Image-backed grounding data
..........

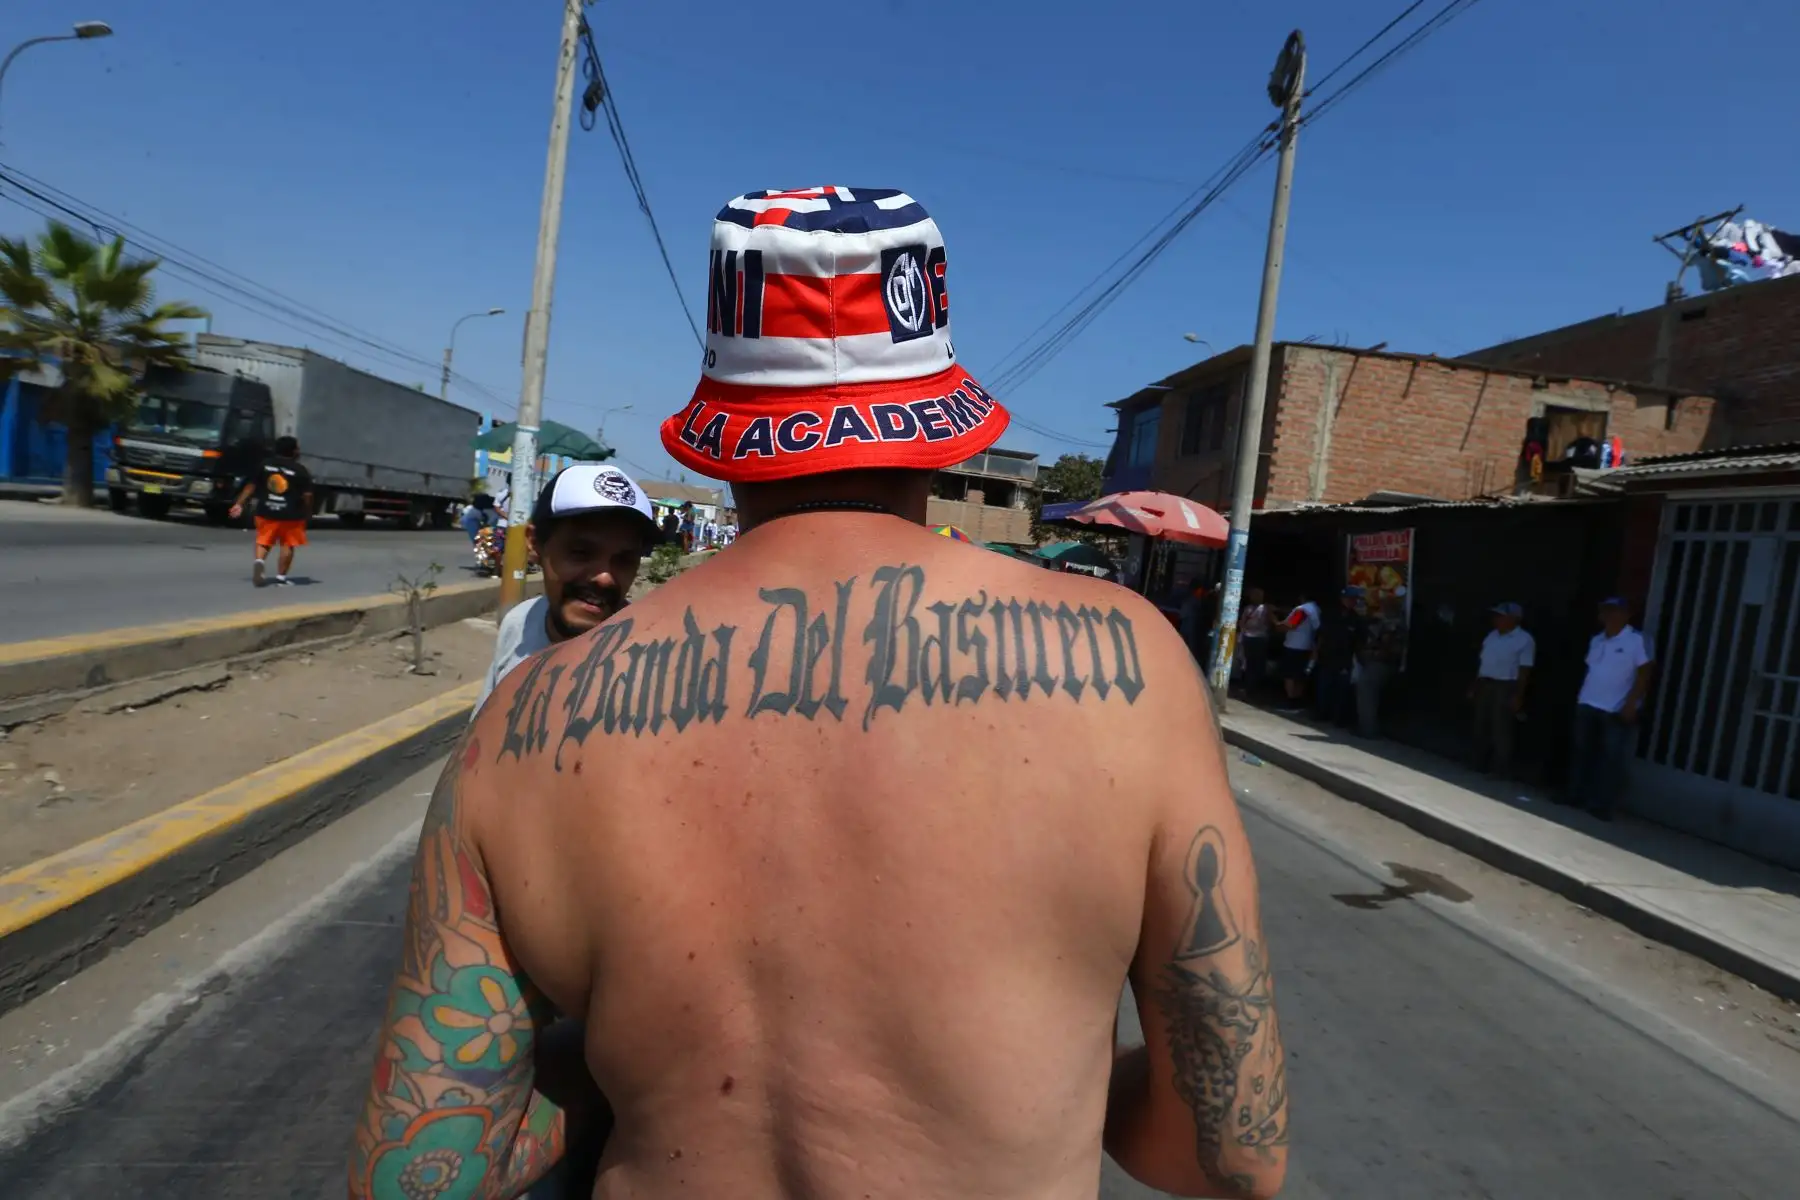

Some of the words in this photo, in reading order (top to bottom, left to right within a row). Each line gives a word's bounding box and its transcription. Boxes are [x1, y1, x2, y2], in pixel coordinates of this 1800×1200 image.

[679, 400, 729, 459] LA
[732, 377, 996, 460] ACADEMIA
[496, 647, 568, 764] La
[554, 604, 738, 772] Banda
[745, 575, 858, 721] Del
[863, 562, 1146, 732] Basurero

..........

▶ [EXERCISE INSTRUCTIONS]
Drop the pictures and reproduce the rest of the data exactly.

▶ [FINISHED TASK]
Some of the words in this photo, in reading order (top to bottom, left to right within a row). Each line gives a word's bounding box and its transcription. Boxes are [x1, y1, x2, y2], in pixel coordinates of this 1800×1200 image.

[679, 400, 729, 459] LA
[732, 377, 996, 460] ACADEMIA
[496, 647, 568, 764] La
[554, 604, 738, 772] Banda
[745, 575, 858, 721] Del
[863, 562, 1146, 732] Basurero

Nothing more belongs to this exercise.